A masterful tale of ambition, jealousy, desire, and superpowers.

Victor and Eli started out as college roommates--brilliant, arrogant, lonely boys who recognized the same sharpness and ambition in each other. In their senior year, a shared research interest in adrenaline, near-death experiences, and seemingly supernatural events reveals an intriguing possibility: that under the right conditions, someone could develop extraordinary abilities. But when their thesis moves from the academic to the experimental, things go horribly wrong.
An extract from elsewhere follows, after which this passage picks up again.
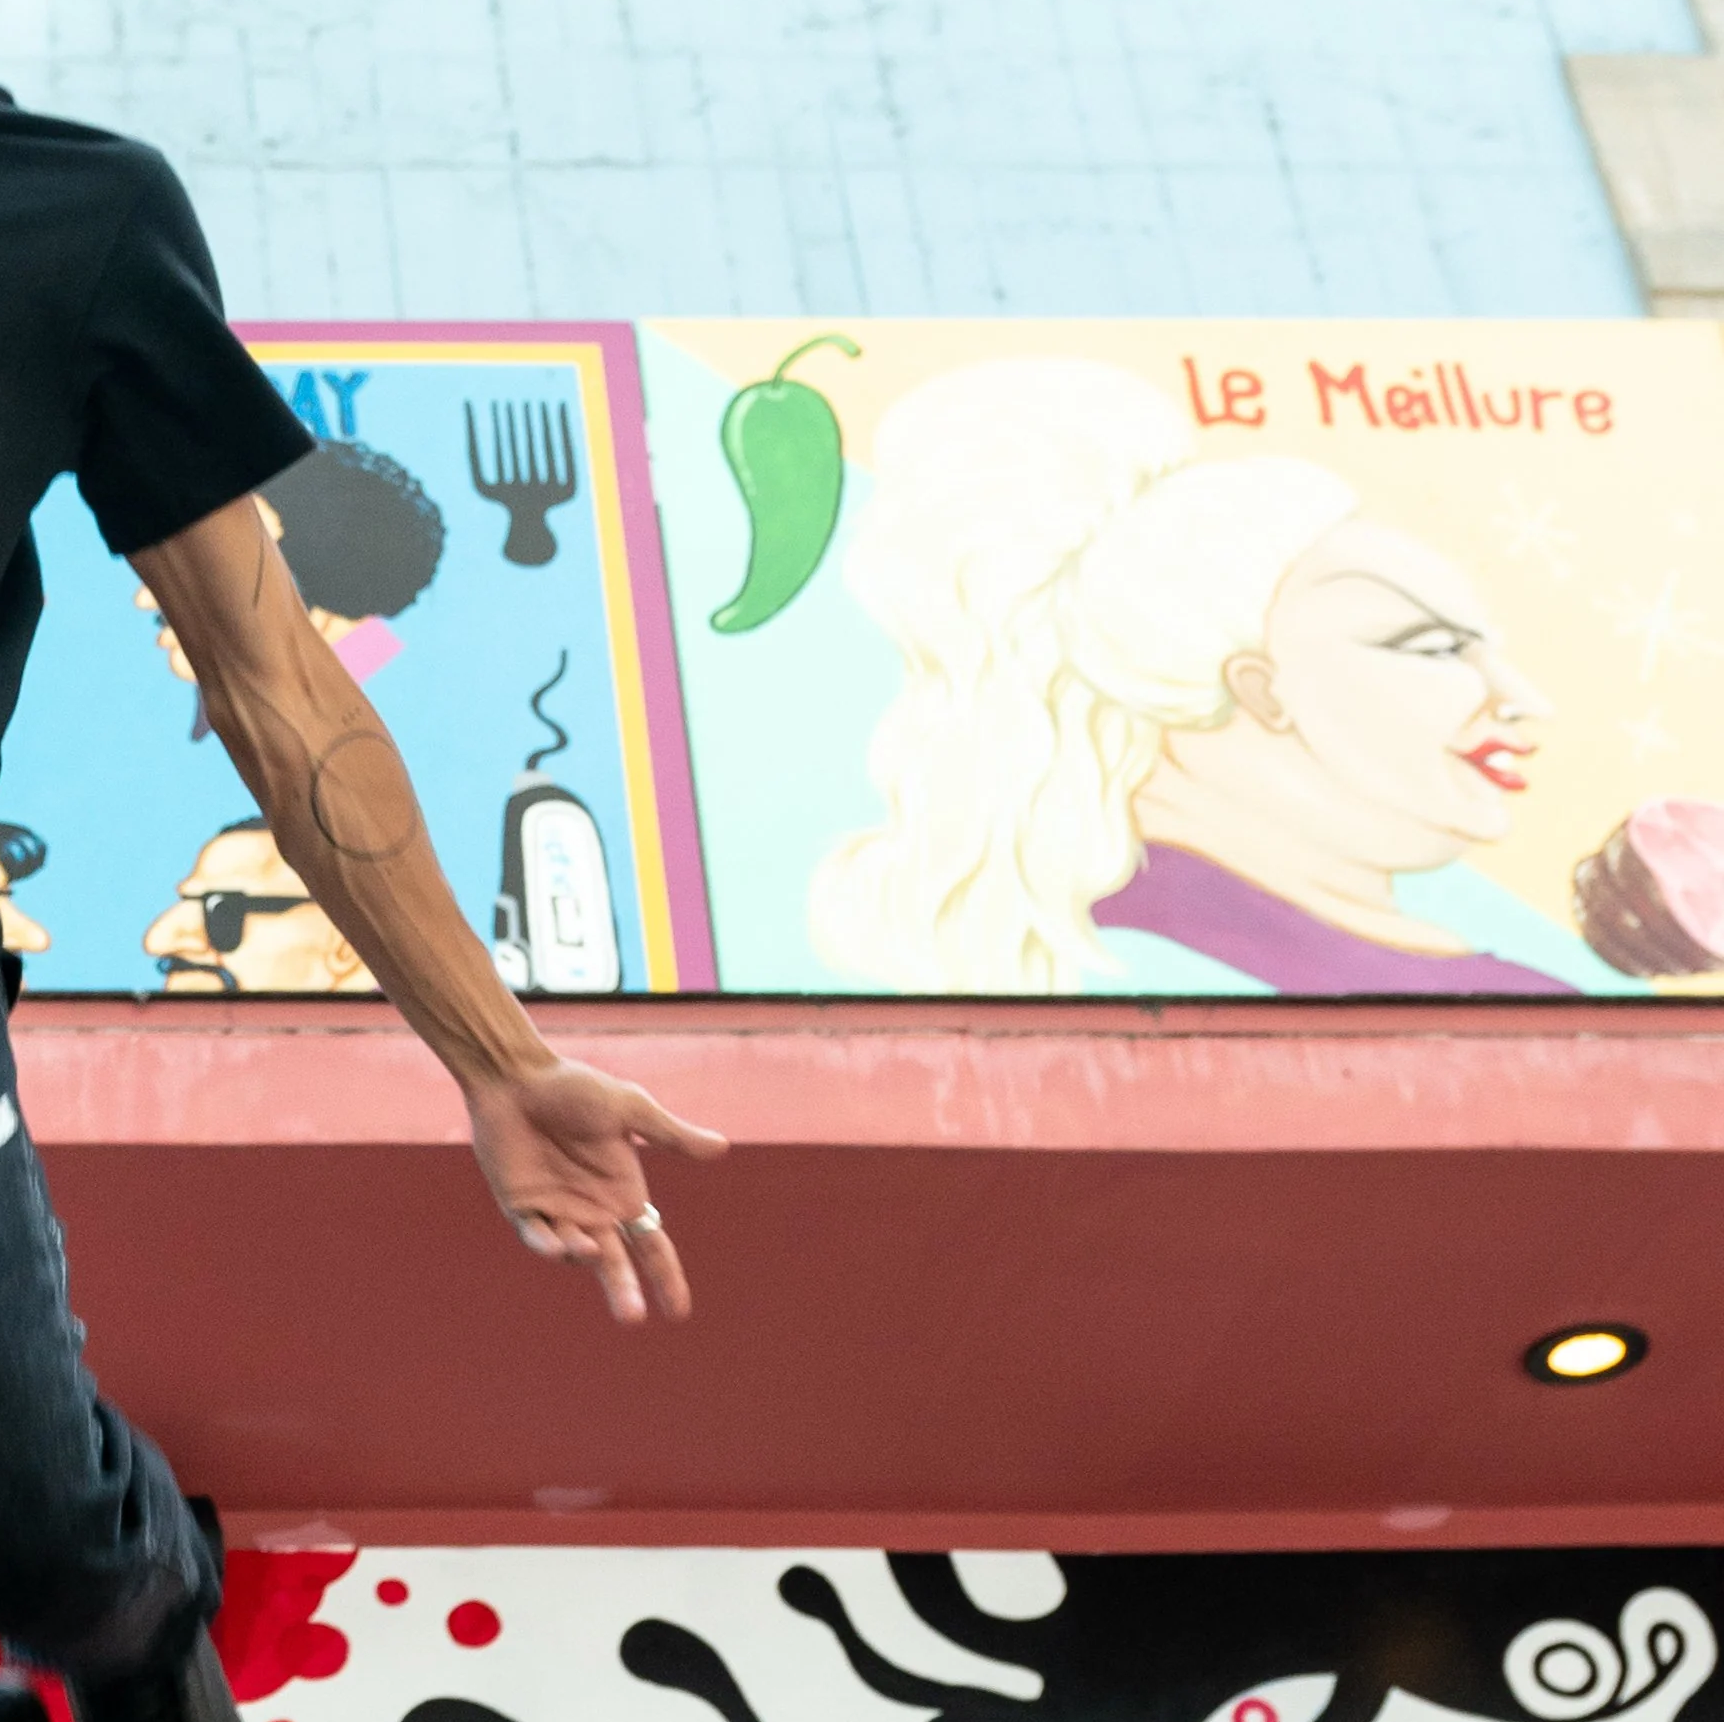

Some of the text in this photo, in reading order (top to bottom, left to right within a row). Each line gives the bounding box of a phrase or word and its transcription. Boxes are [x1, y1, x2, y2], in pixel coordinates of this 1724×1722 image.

[272, 369, 372, 441] AY
[1181, 355, 1615, 436] Le Meillure
Ten years later, Victor breaks out of prison, determined to catch up to his old friend (now foe), aided by a young girl whose reserved nature obscures a stunning ability. Meanwhile, Eli is on a mission to eradicate every other super-powered person that he can find--aside from his sidekick, an enigmatic woman with an unbreakable will. Armed with terrible power on both sides, driven by the memory of betrayal and loss, the archnemeses have set a course for revenge--but who will be left alive at the end?

In Vicious , V. E. Schwab brings to life a gritty comic-book-style world in vivid prose: a world where gaining superpowers doesn't automatically lead to heroism, and a time when allegiances are called into question.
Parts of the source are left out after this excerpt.